5. Re-ran the fine-tune. Four days. Recall@3 went from +5% to +14% over the off-the-shelf baseline, documented in Model-Inference/02-data-scientist-collaboration.md.

The math/algorithmic depth that mattered

This is the story I'd point to if someone asked "what does the DS degree actually buy you?" because the answer was invisible without it:

Contrastive loss geometry. InfoNCE is essentially a softmax cross-entropy over (positive vs. negatives). Its gradient signal is dominated by the hardest negative — the one closest to the anchor in current embedding space. If your negatives are easy, the loss converges to a trivial solution and the gradient becomes near-zero on the part of the manifold you actually care about.
Hard-negative mining as a curriculum. Mining negatives from the current embedding space turns training into a moving-target curriculum: every epoch, the negatives that were hard last epoch get easier, and new ones surface at the boundary. This is a known phenomenon in metric learning literature (semi-hard negative mining for triplet loss is the lineage), but it's not the default in most contrastive recipes — you have to know to ask for it.
Temperature τ as gradient-sharpness control. τ is not a "tuning parameter" — it's the sharpness of the implicit softmax over negatives. Smaller τ → sharper attention on hardest negatives → faster gradient on the boundary. Too small and the loss becomes unstable; too large and the gradient diffuses across all negatives. 0.05 was right for our distribution; 0.07 was too soft.

The team had been asking "how much more data do we need?" The right question was "what is the gradient actually telling us?" — and that question only makes sense if you understand what the loss is computing under the hood.

The leadership move

I didn't override the team's "more data" plan. I asked them to run my hard-negative-mining experiment for one week as a parallel track while data collection planning continued. If it worked, we'd cancel the data effort. If it didn't, we hadn't lost time.

It worked. We saved ~3 weeks and a chunk of data-engineering bandwidth.

Then I made the lesson permanent. Wrote up the InfoNCE-and-temperature deep dive as one of the Fine-Tuning-Foundational-Models/ entries, with the geometric intuition (why hard negatives sharpen the manifold boundary) drawn out alongside the math. Added it to the onboarding scaffolding for new ML engineers.

This is the part of leadership that is invisible from outside the team: the next time an embedding fine-tune plateaus, someone else on the team can debug it instead of escalating to me.
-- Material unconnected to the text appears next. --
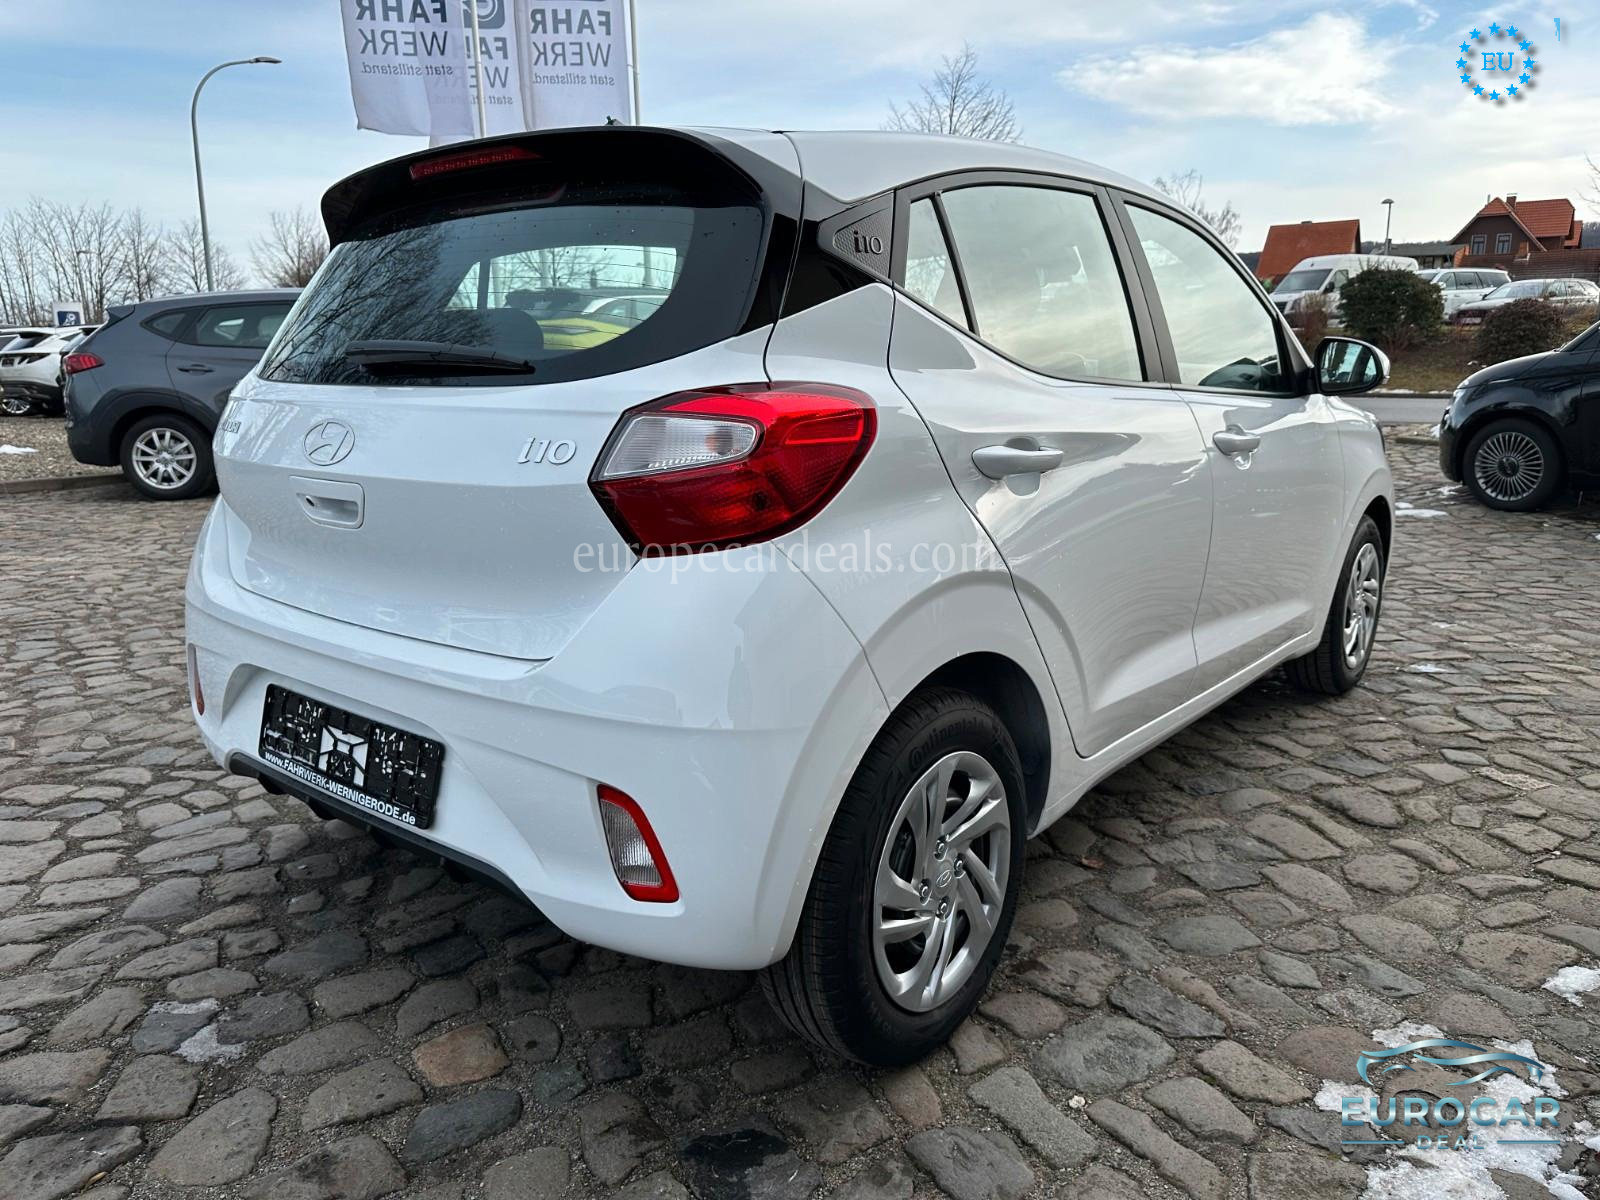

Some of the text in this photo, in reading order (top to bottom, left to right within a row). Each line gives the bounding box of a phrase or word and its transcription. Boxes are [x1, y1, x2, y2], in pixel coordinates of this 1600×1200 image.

[853, 229, 883, 255] i10
[517, 435, 577, 466] i10
[264, 751, 416, 825] www.FAHRWERK-WERNIGERODE.de
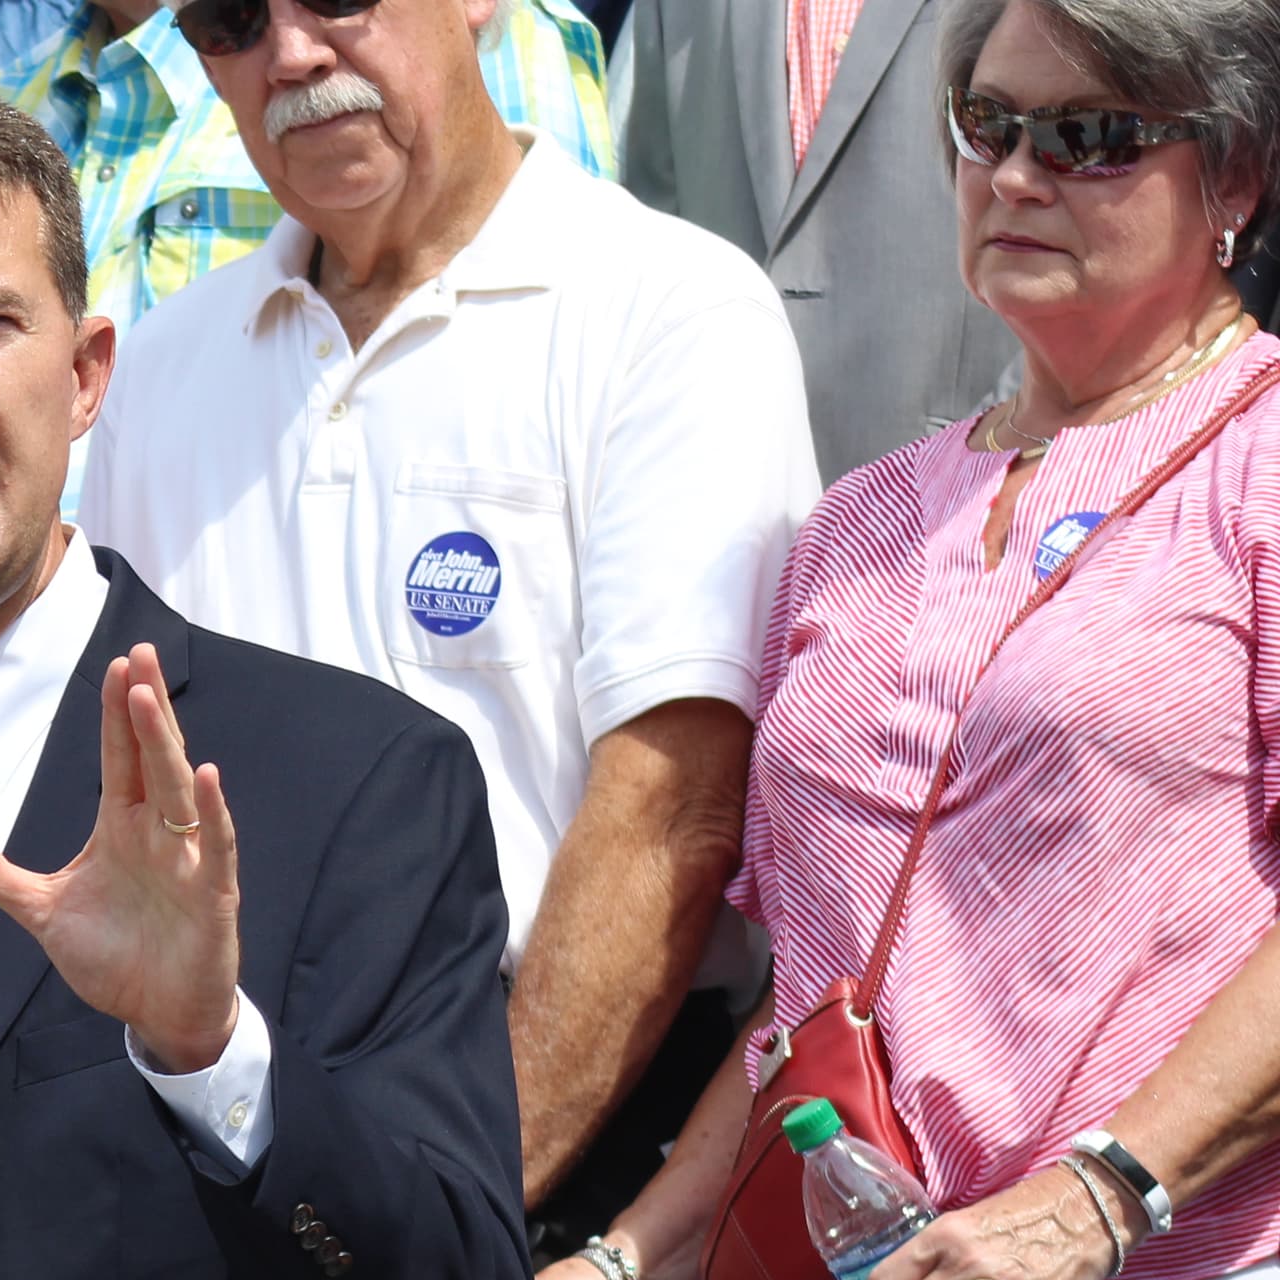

That's the multiplier.

Result

+14% RAG Recall@3 over off-the-shelf embeddings (vs. +5% the team had been stuck at) — see Model-Inference/02-data-scientist-collaboration.md.
Four days of work instead of a multi-week data-collection effort.
Recommendation CTR uplift downstream (which is the actual business surface — embedding Recall@3 is a proxy for discovery quality).
Hard-negative mining and τ tuning became standard practice for every embedding job.
The math write-up shipped to the team's onboarding library.

What I'd want a future ML lead to take away

When a fine-tune plateaus, look at the loss curves and ask what the gradient is actually doing. "More data" is the hardest, slowest, most expensive answer. Sometimes the bottleneck is in the loss formulation, not the data — and you can only see that if you understand the math. That's the entire argument for having someone with a real DS background in the lead seat.